Create the feature columns:

feature_cols = [
        tf.feature_column.numeric_column(key, shape=(1,), dtype=tf.float32)
        for key in NUMERIC_FEATURE_KEYS
    ]
for key, buckets in zip(
        CATEGORICAL_FEATURE_KEYS, MAX_CATEGORICAL_VALUES):
    categorical = tf.feature_column.categorical_column_with_identity(
        key, num_buckets=buckets, default_value=0)
    categorical = tf.feature_column.indicator_column(categorical)
    feature_cols.append(categorical)

for key in VOCAB_FEATURE_KEYS:
    vocab = tf.feature_column.categorical_column_with_identity(
        key, num_buckets=VOCAB_SIZE + OOV_SIZE, default_value=0)
    vocab = tf.feature_column.indicator_column(vocab)
    feature_cols.append(vocab)

model = tf.estimator.BoostedTreesClassifier(
    feature_cols, n_batches_per_layer=1, model_dir=save_path_training)

model.train(partial(_input_fn, tf_transform_output,
                    train_data_path_pattern), max_steps=100)

result_eval = model.evaluate(partial(_input_fn, tf_transform_output,
                                     eval_data_path_pattern, num_e=1))

result_train = model.evaluate(partial(_input_fn, tf_transform_output,
                                      train_data_path_pattern, num_e=1))

However, the WIT then throws this error:

2021-05-12 11:18:29.680711: I tensorflow_serving/model_servers/server.cc:391] Exporting HTTP/REST API at:localhost:8501 ... 22021-05-12 11:18:42.060964: W external/org_tensorflow/tensorflow/core/framework/op_kernel.cc:1763] OP_REQUIRES failed at example_parsing_ops.cc:92 : Invalid argument: Name: , Key: Siblings_Spouses, Index: 0. Data types don't match.
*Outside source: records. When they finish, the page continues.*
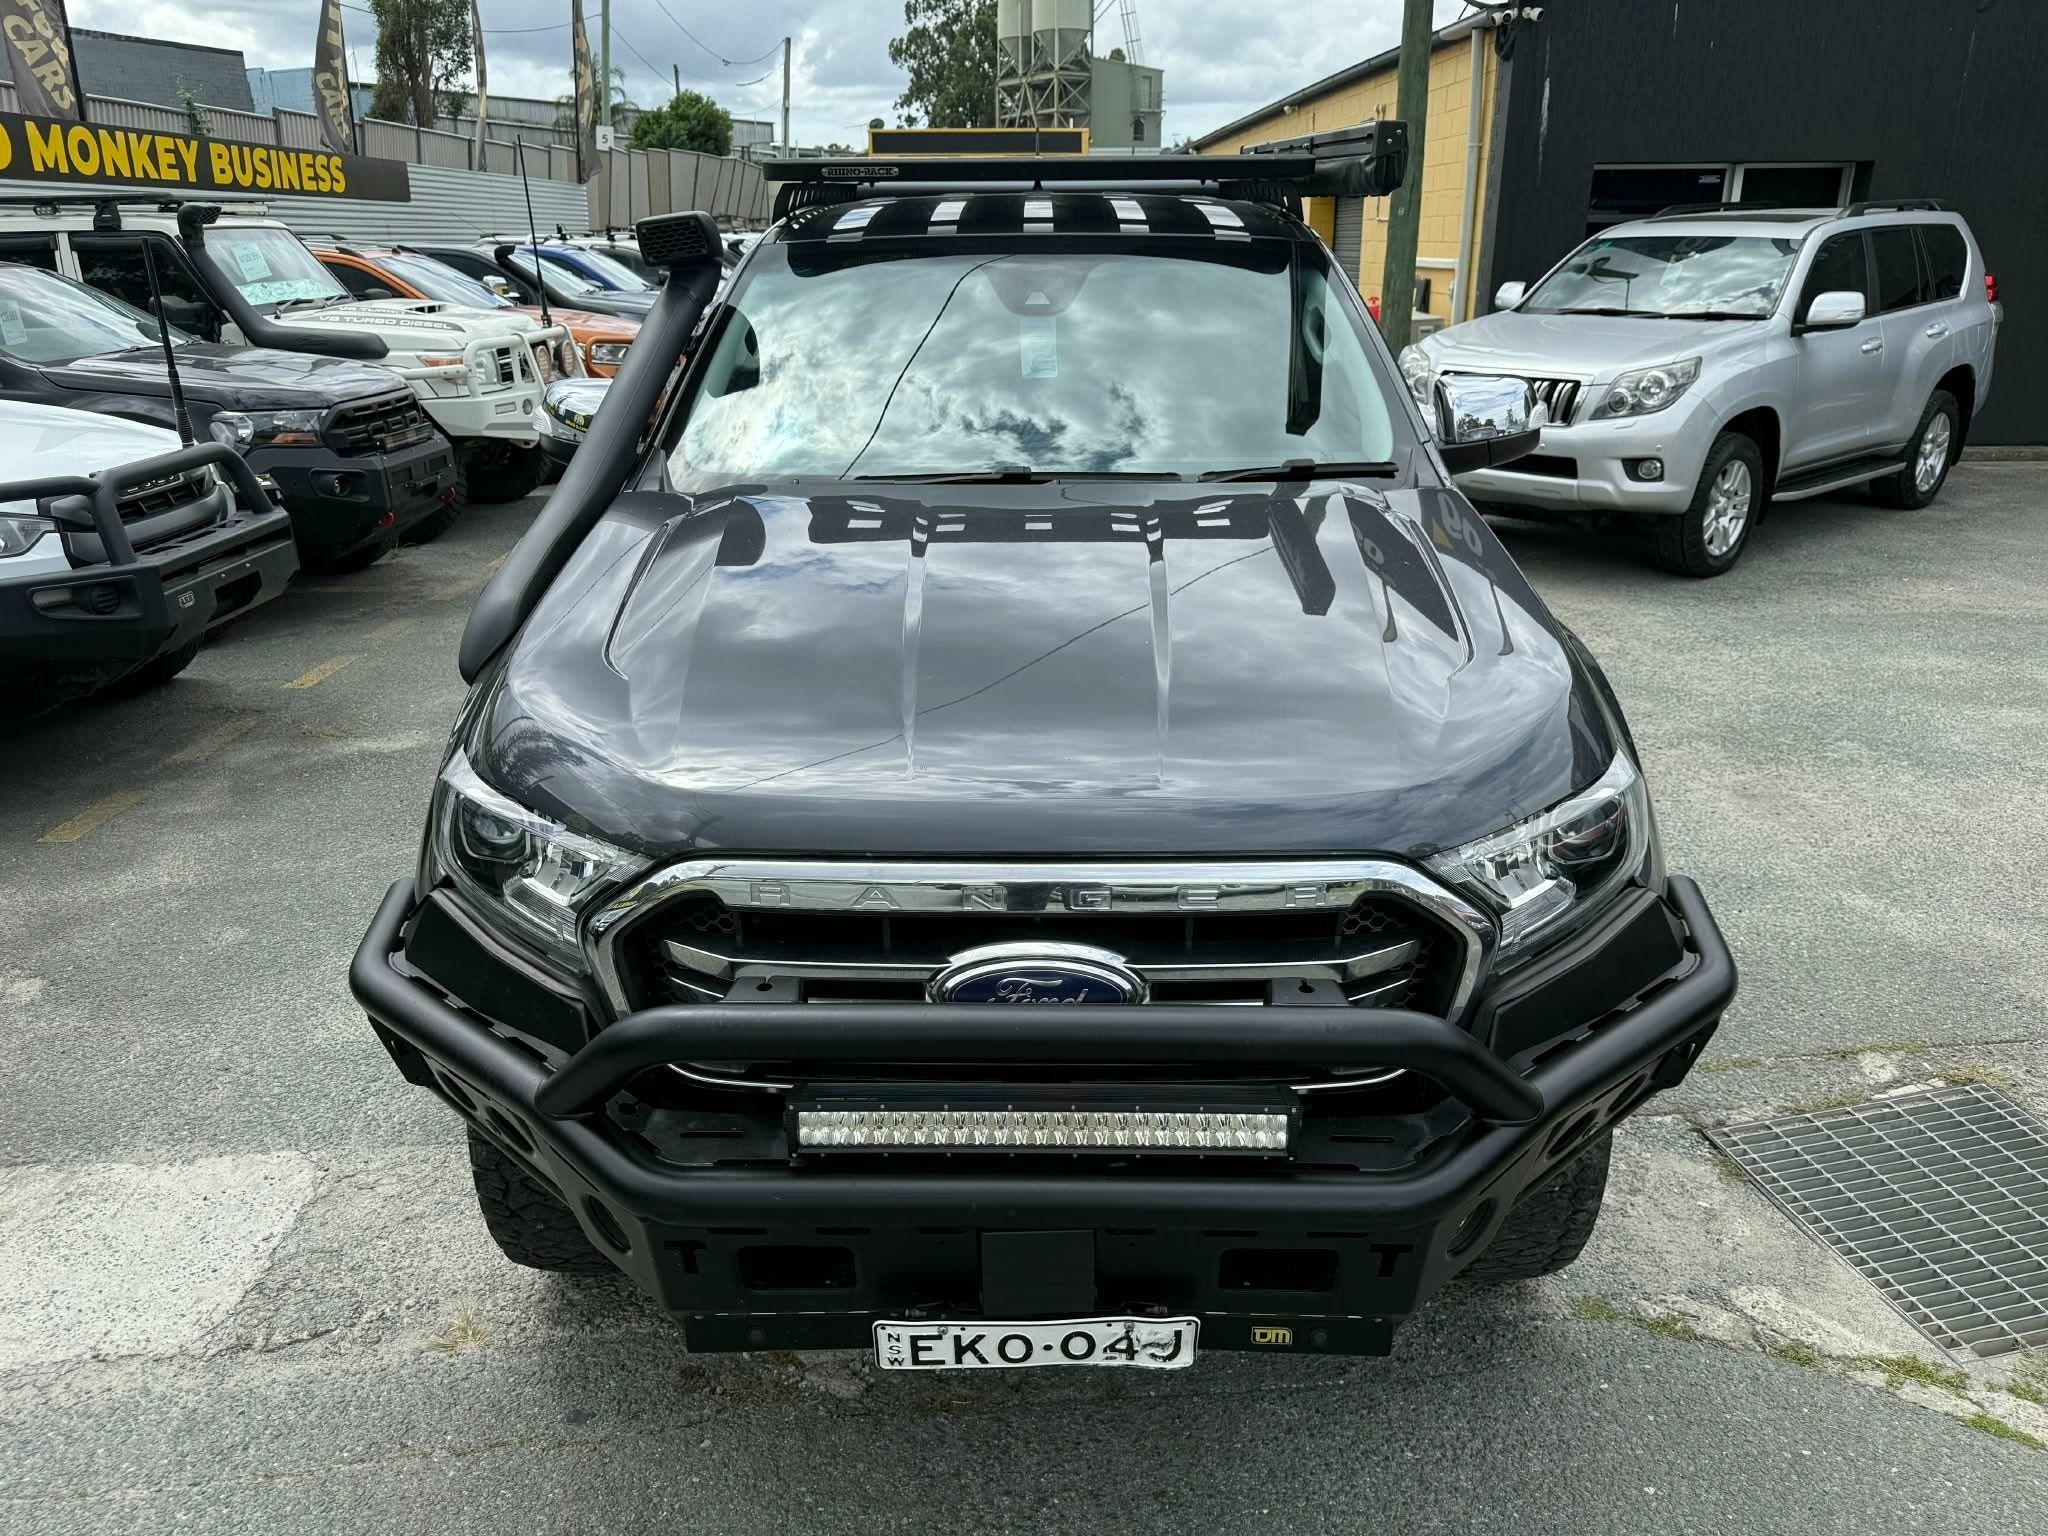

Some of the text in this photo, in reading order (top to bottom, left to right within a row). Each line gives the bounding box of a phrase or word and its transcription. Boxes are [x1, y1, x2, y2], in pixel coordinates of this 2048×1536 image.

[3, 15, 76, 110] CARS
[602, 134, 608, 144] 5
[25, 120, 199, 183] MONKEY
[208, 142, 346, 193] BUSINESS
[827, 167, 895, 177] RHINO-RACK
[319, 314, 453, 330] V8 TURBO DIESEL
[750, 882, 1327, 911] RANGER
Data type: float but expected type: int64

32021-05-12 11:18:42.213860: W external/org_tensorflow/tensorflow/core/framework/op_kernel.cc:1763] OP_REQUIRES failed at example_parsing_ops.cc:92 : Invalid argument: Name: , Key: Siblings_Spouses, Index: 0. Data types don't match. Data type: float but expected type: int64

42021-05-12 11:18:42.389265: W external/org_tensorflow/tensorflow/core/framework/op_kernel.cc:1763] OP_REQUIRES failed at example_parsing_ops.cc:92 : Invalid argument: Name: , Key: Siblings_Spouses, Index: 0. Data types don't match. Data type: float but expected type: int64

52021-05-12 11:18:42.557218: W external/org_tensorflow/tensorflow/core/framework/op_kernel.cc:1763] OP_REQUIRES failed at example_parsing_ops.cc:92 : Invalid argument: Name: , Key: Parents_Children, Index: 0. Data types don't match. Data type: float but expected type: int64

jameswex commented 3 years ago

Thanks for reaching out.

Looks like you are using WIT with a model being served by TF serving, is that correct? It might be easier to debug by having the model run in the same process as WIT using custom prediction functions instead (https://pair-code.github.io/what-if-tool/learn/tutorials/custom-prediction/).

Does the data itself look correct when loaded into WIT (even though model predictions fail)? Are you able to share the dataset or does it contain sensitive information?

DebbyDebStar commented 3 years ago

@jameswex Thank you for your fast reply.

I think the custom prediction function is a grate Idea. We will have a try and I will report if and how we solve the Problem.

The Data looks correct when loaded into WIT.